* _What to produce_: Print each line exactly, beginning with the one where "this 1288×966 image." appears and ending at the last line below.

* _Source data_:
○ ○ ○

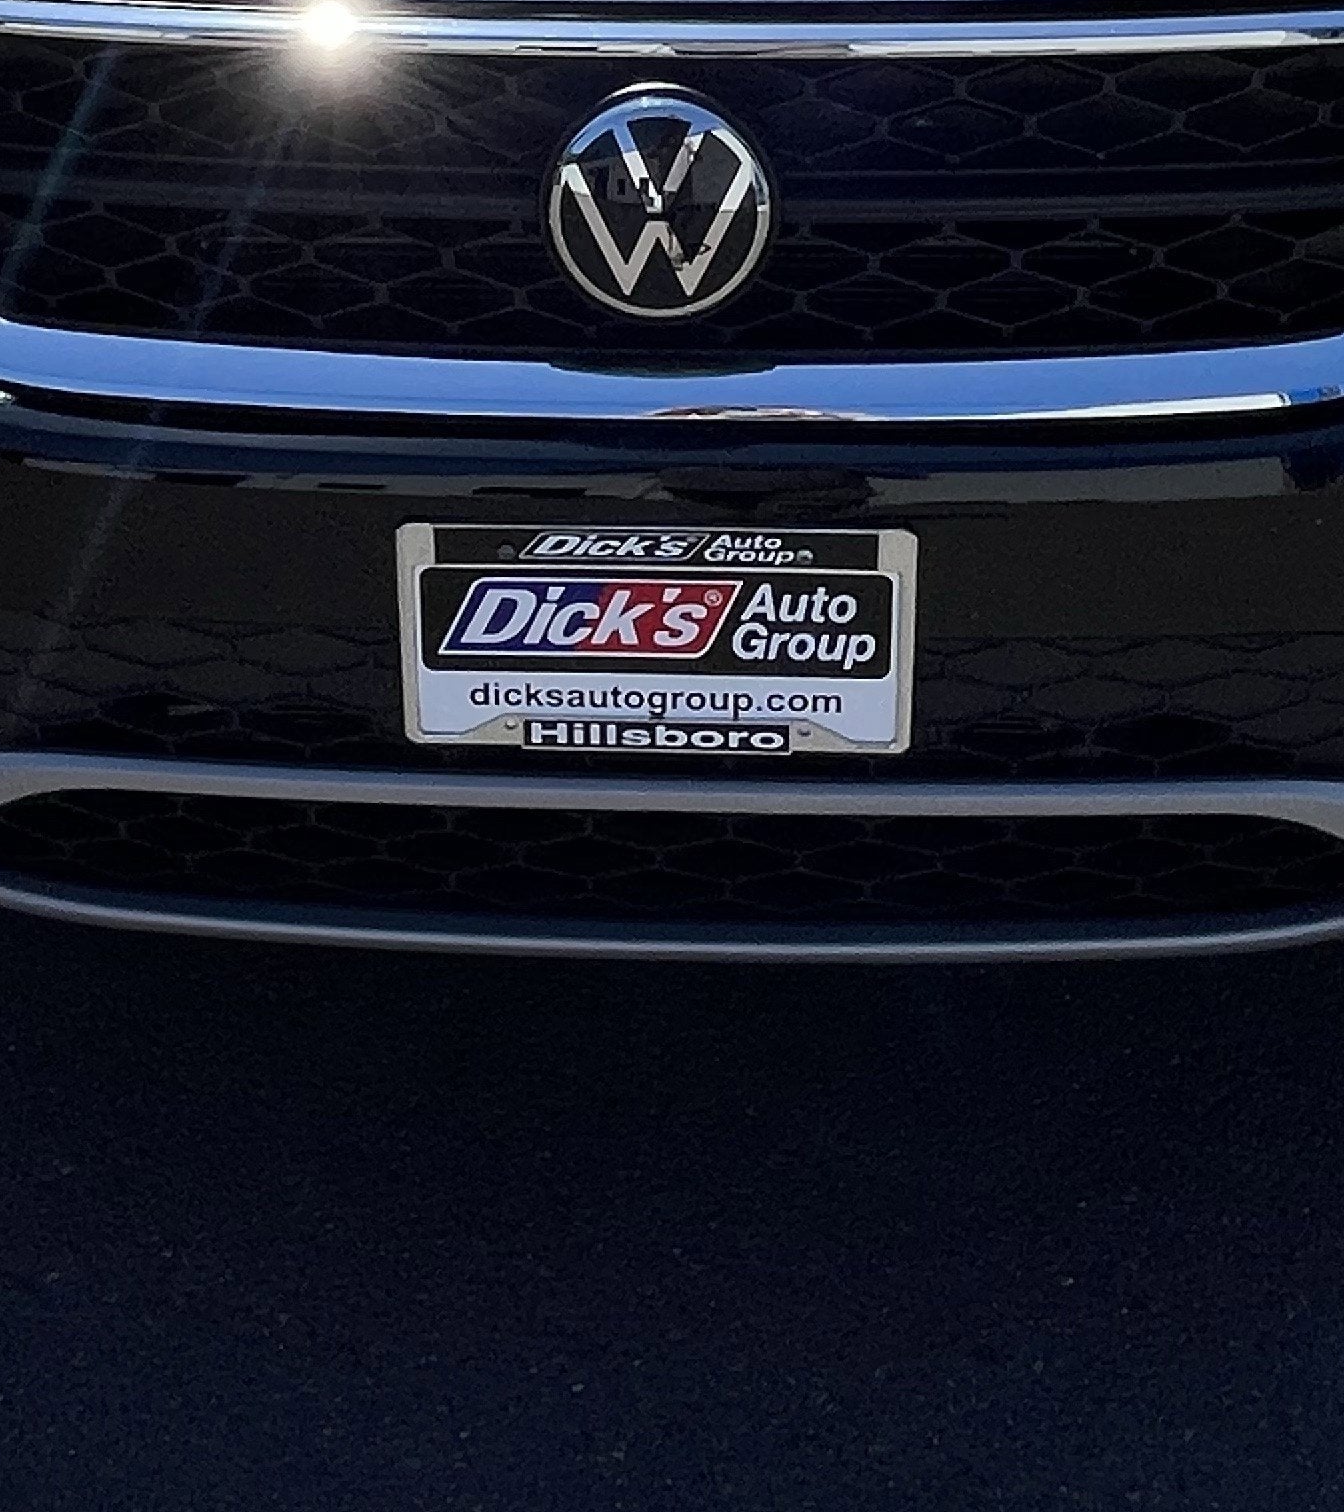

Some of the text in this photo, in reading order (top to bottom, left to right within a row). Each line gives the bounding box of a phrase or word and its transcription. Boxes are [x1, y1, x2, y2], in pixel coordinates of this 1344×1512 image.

[532, 534, 782, 557] Dick's Auto
[704, 547, 795, 565] Group
[460, 583, 857, 647] Dick's Auto
[732, 624, 877, 670] Group
[469, 683, 843, 719] dicksautogroup.com
[529, 722, 785, 750] Hillsboro
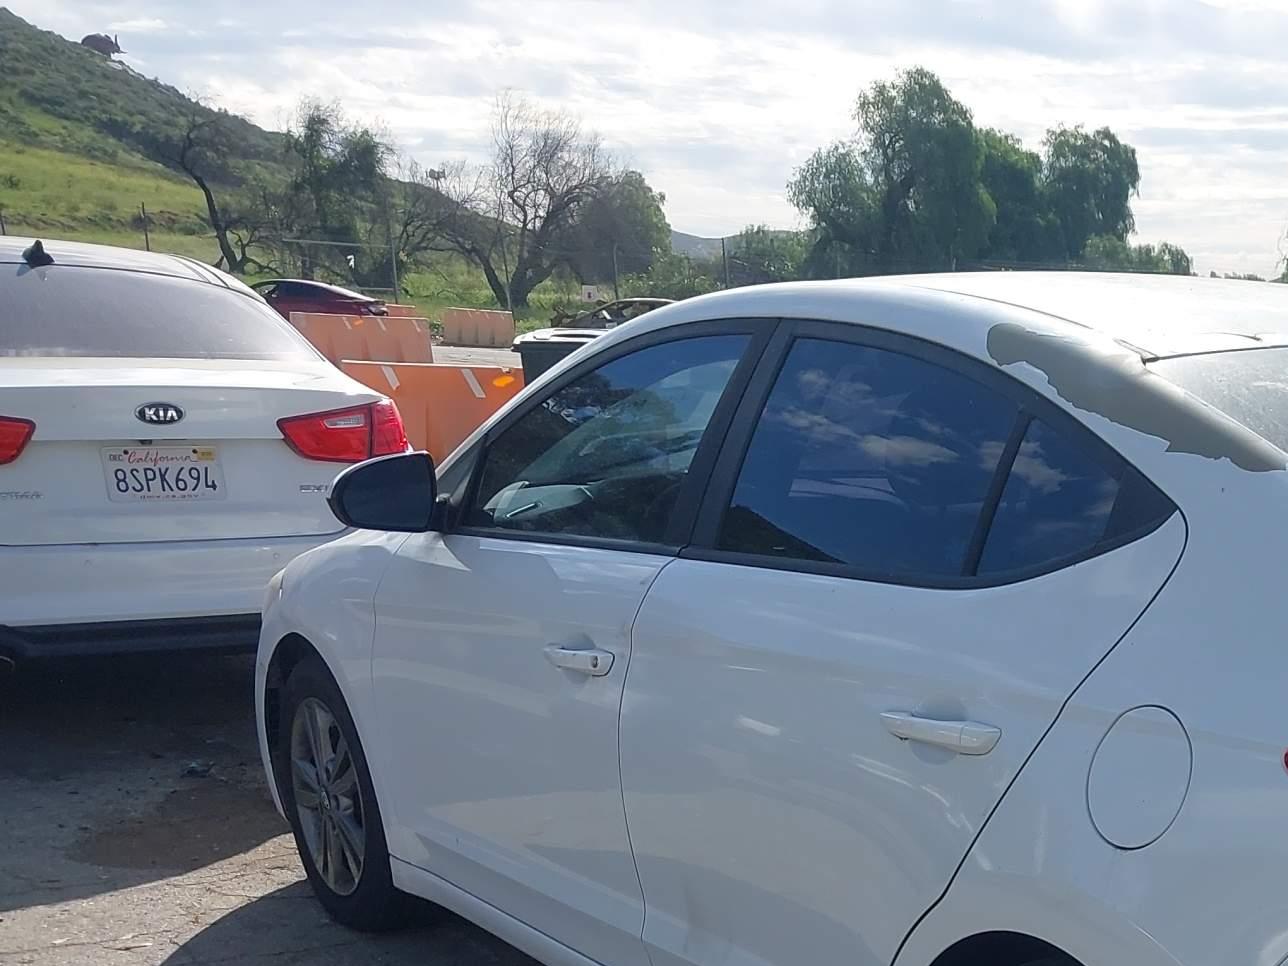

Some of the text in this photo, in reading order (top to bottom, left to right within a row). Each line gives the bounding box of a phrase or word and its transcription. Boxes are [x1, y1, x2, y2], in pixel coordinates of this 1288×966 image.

[144, 407, 179, 421] KIA
[127, 450, 200, 467] California
[114, 466, 217, 493] 8SPK694

○ ○ ○

* _Exercise output_:
Some of the text in this photo, in reading order (top to bottom, left to right within a row). Each line gives the bounding box of a phrase or word and its transcription. Boxes are [x1, y1, x2, y2], in pixel coordinates of this 1288×966 image.

[144, 407, 179, 421] KIA
[127, 450, 200, 467] California
[114, 466, 217, 493] 8SPK694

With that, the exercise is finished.